I remember some actual warehouse parties years before they were called raves, that had such an incredible vibe, merging different scenes from around the city.
Our go-to club was Man Alive on the corner of Grosvenor and Upper Brook Street, while later club devotees speak in hushed tones of the magic nights at Spice, where DJ Justin Robertson filled the room with musical joy.
My earliest memory of the Hac is of a student night that hardly anyone went to. It then had an elitist and slightly po-faced phase in 1986 and 1987, which we endured, rather than enjoyed; because I always thought the music sounded poor.
By the time we left University in 1988 it all changed again and the rest is musical history.
For his part Neil remembers that era at the Hacienda and how door policy moved the scene on to other places in the city.
“Towards the end of 89 young bugged eyed scallies from Stockport had become persona non grata at the Hacienda.

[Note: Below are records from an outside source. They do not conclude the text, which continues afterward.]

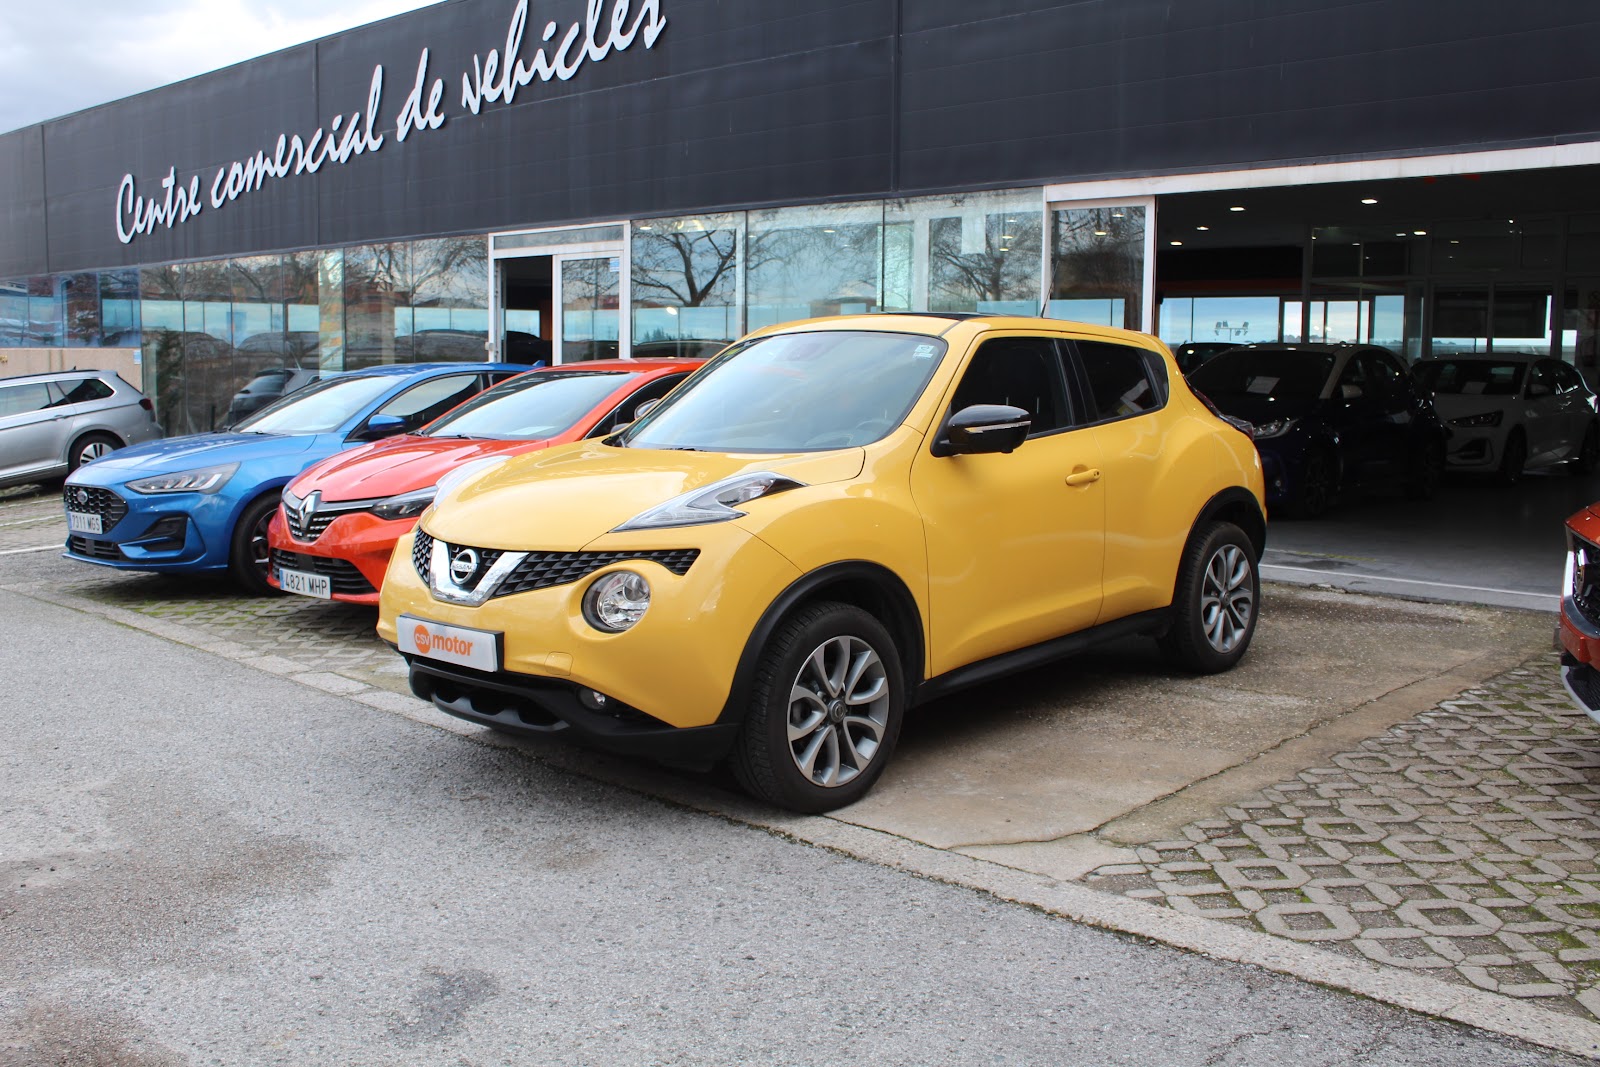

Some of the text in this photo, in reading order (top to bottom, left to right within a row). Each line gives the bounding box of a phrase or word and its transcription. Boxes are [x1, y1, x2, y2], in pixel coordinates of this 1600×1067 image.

[117, 0, 667, 244] Centre comercial de vehicles
[72, 514, 86, 530] 7311
[285, 573, 327, 596] 4821 MHP
[432, 634, 473, 656] motor
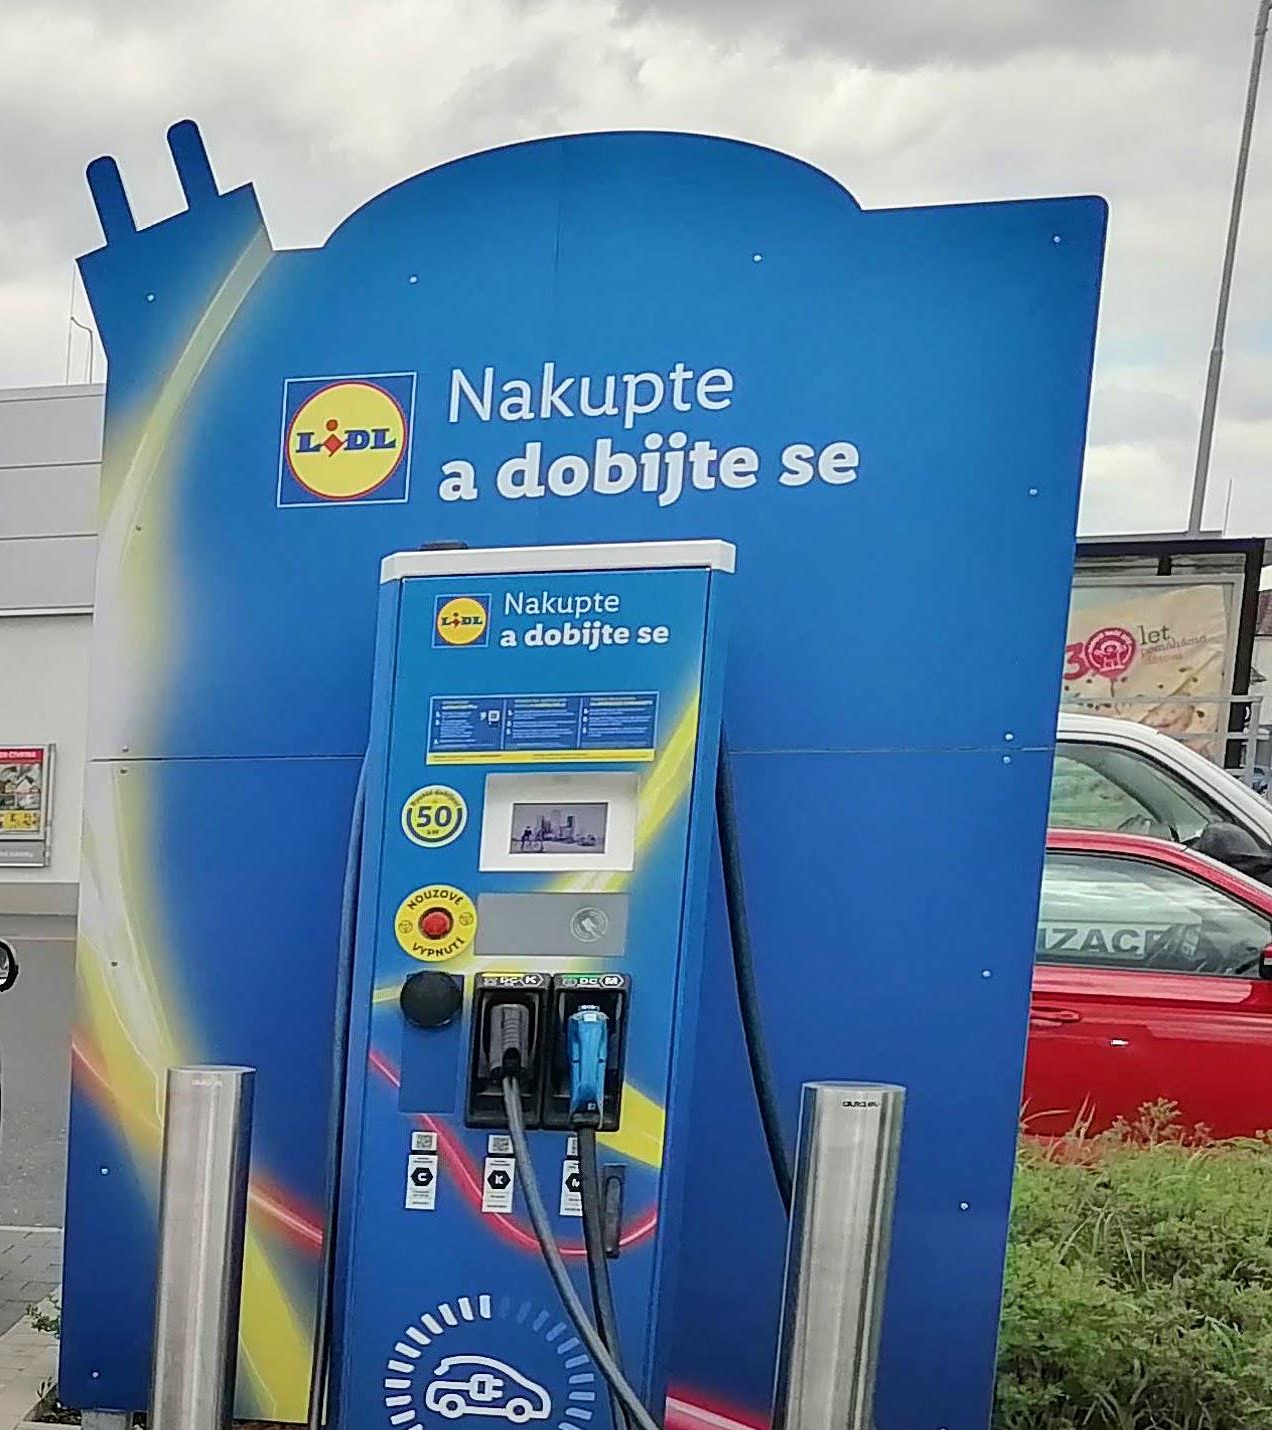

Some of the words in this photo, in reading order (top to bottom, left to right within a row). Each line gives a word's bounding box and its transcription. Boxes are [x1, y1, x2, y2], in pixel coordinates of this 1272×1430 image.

“Fortunately around this time a number of smaller clubs popped up in Manchester specifically to cater to those ravers who weren’t mates with New Order or didn’t wear Paul Smith suits. Alongside the Thunderdome, NRG House, Man Alive & the Sound Garden was my favourite haunt ’Konspiracy’.”

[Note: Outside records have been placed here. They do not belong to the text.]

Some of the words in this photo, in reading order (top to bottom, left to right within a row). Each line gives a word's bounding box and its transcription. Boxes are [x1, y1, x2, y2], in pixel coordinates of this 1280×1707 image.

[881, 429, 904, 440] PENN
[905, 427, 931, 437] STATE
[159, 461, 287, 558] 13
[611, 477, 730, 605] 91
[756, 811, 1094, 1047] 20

“A cross between the Star Wars cantina and the ghost train at Blackpool this subterranean shebeen was one mad Saturday night out. I saw some truly insane things in there throughout the Summer of 1990 before things came to a head one night in October when someone (stood a couple of feet away from me) got a bit ‘trigger happy’.
“Not the kind of thing you want to see in any state of mind, but it probably ruined my night less than the guy being shot at. Even the golden rule of ‘don’t stop the music’ was broken albeit it temporarily as the house lights went on & DJ Pig C hit the stop button on his 1210s & we all tentatively headed towards the exit.

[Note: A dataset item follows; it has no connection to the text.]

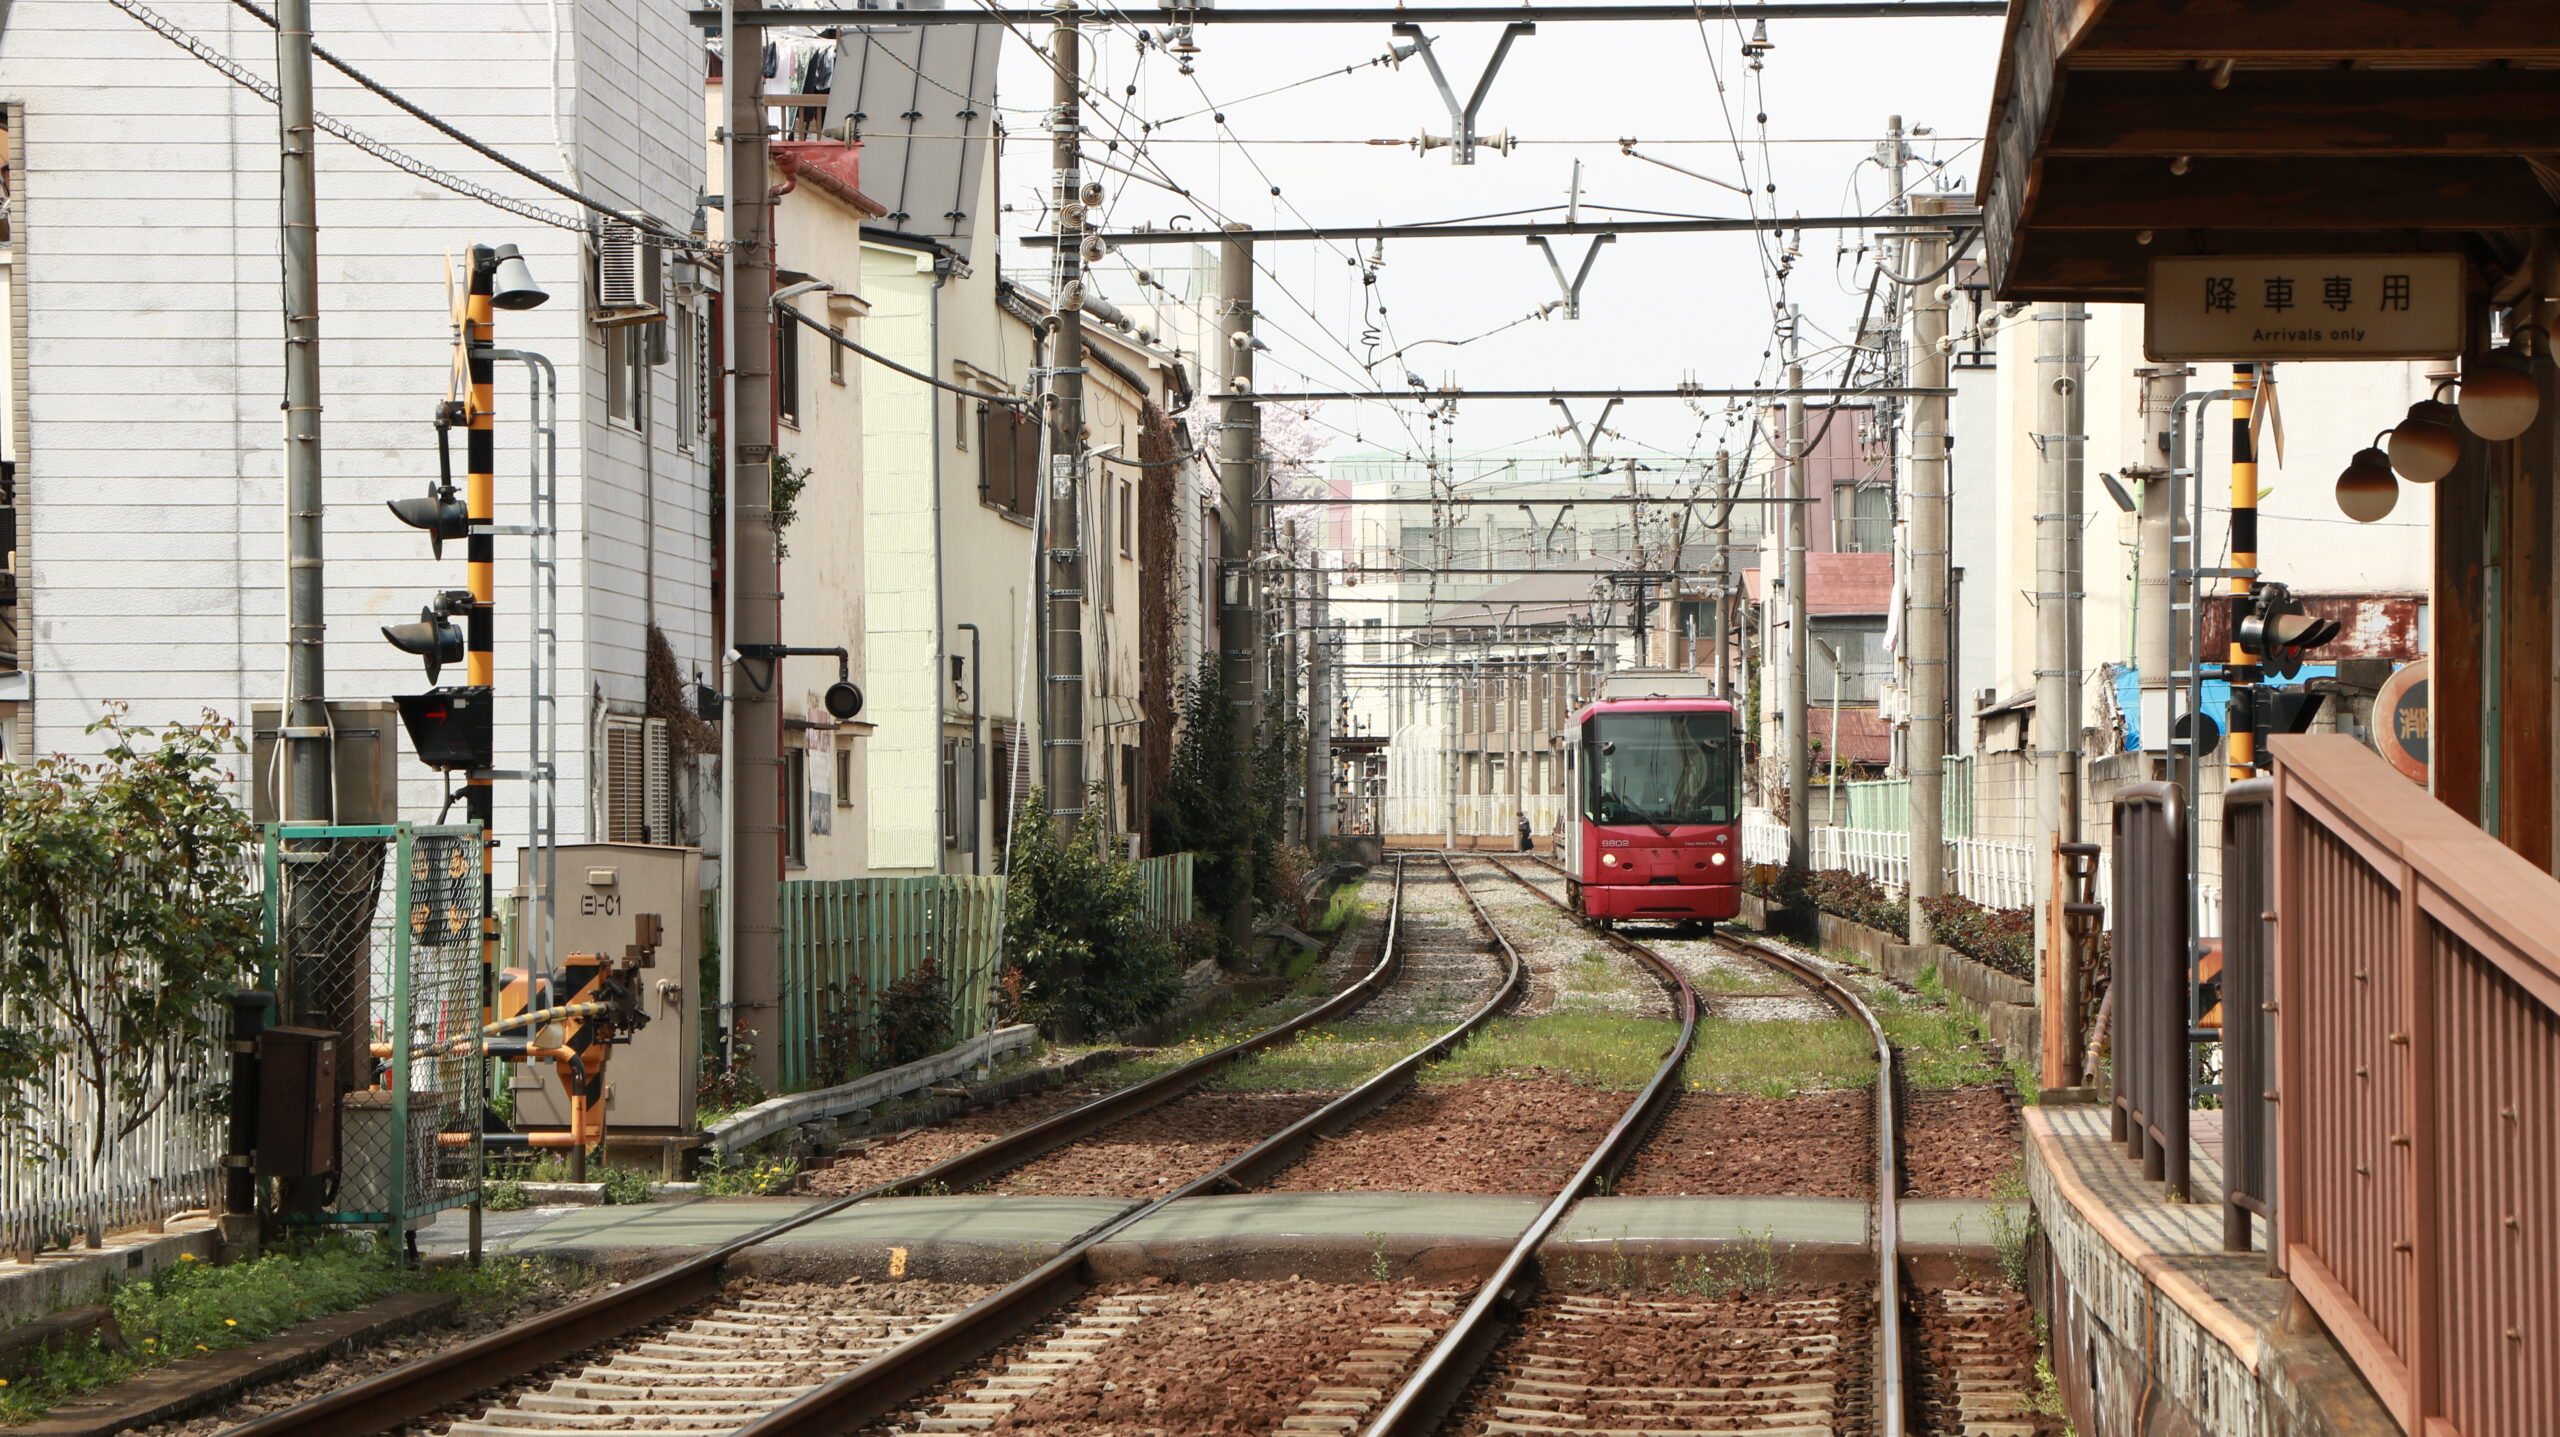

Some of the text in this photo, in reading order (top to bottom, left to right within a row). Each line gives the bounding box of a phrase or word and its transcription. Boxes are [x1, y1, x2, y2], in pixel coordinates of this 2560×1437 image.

“A few weeks later someone got stabbed and Konspiracy was no more. Great while it lasted though.”
For all the house music legends and for all the pretending to look cool, my best night there remains an indie night in the summer of 1988, when I went with friends from Lancaster, where the DJ was Dave Haslam who I’ve since got to know.
Dave’s a great writer and touched on this selective nostalgia in challenging essay he wrote in 2015.
He said: "The city authorities habitually give a nod to Factory Records, but I’m not sure they quite get important parts of the Factory story. The Hacienda wasn’t a disco version of the Trafford Centre.
“The Factory label, the club, those around and involved – from musicians to video makers – produced culture. It wasn’t an exercise in consuming but creating. In addition, like Shelagh Delaney, not only were they forced into action by despair at the cultural provision of the time, Factory operated outside the margins. One of the richest chapters of Manchester’s cultural history began when the lads who went on to form Joy Division began to meet up in a makeshift rehearsal room above the Black Swan Pub, near Weaste Bus Depot.
"This self-organised, independent activity still happens of course; actors, crews, artists, printmakers, musicians, freelancers hiring pub functions rooms, meeting wherever and whenever, trying to bring ideas to life. Isn’t it time these people were celebrated and encouraged?"
Since then I feel the city has become even more of a shallow memorial to the misunderstood past of Madchester. But there we go, adding to the legend.